YOUR OBJECTIVE —
Go through the records and transcribe them exactly, passing over any picture.

# # # #

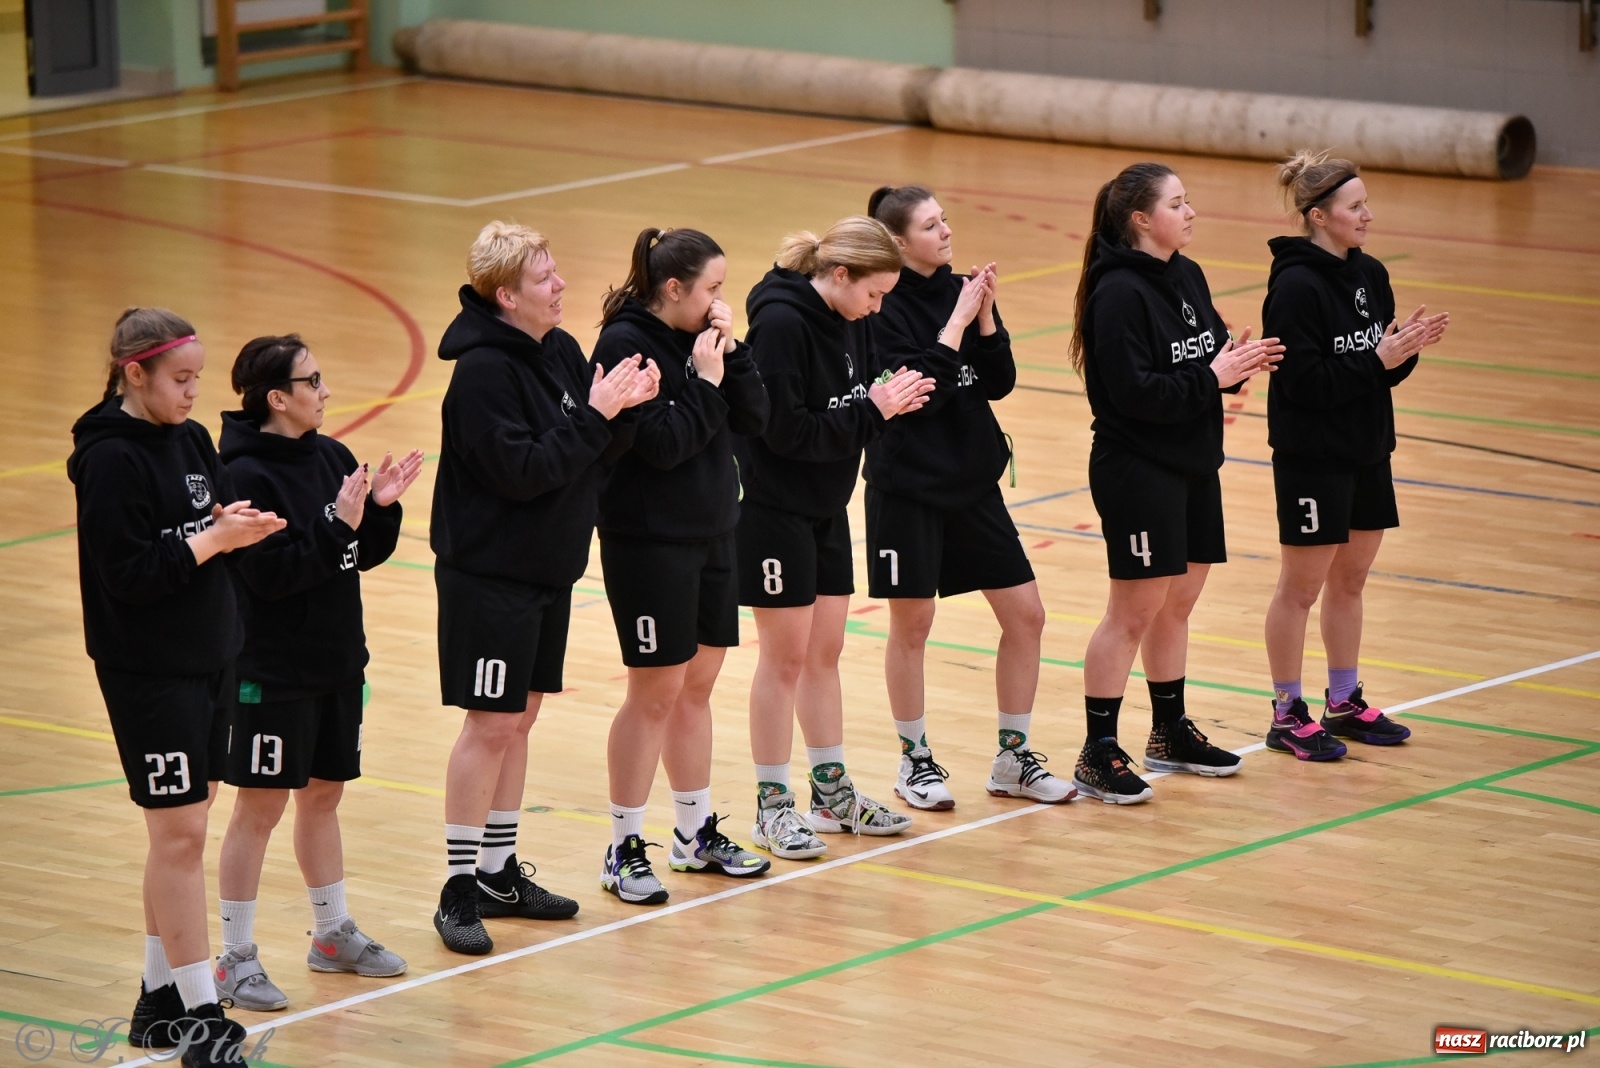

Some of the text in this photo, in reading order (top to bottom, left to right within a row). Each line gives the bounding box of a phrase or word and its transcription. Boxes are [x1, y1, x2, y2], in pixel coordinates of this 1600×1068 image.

[1298, 497, 1320, 534] 3
[879, 549, 899, 586] 7
[1129, 531, 1152, 567] 4
[761, 558, 784, 595] 8
[636, 615, 658, 654] 9
[473, 657, 507, 699] 10
[144, 751, 192, 796] 23
[250, 733, 283, 776] 13

# # # #

EXERCISE RESULT —
Some of the text in this photo, in reading order (top to bottom, left to right within a row). Each line gives the bounding box of a phrase or word and its transcription. Boxes are [x1, y1, x2, y2], in pixel coordinates of this 1600×1068 image.

[1298, 497, 1320, 534] 3
[879, 549, 899, 586] 7
[1129, 531, 1152, 567] 4
[761, 558, 784, 595] 8
[636, 615, 658, 654] 9
[473, 657, 507, 699] 10
[144, 751, 192, 796] 23
[250, 733, 283, 776] 13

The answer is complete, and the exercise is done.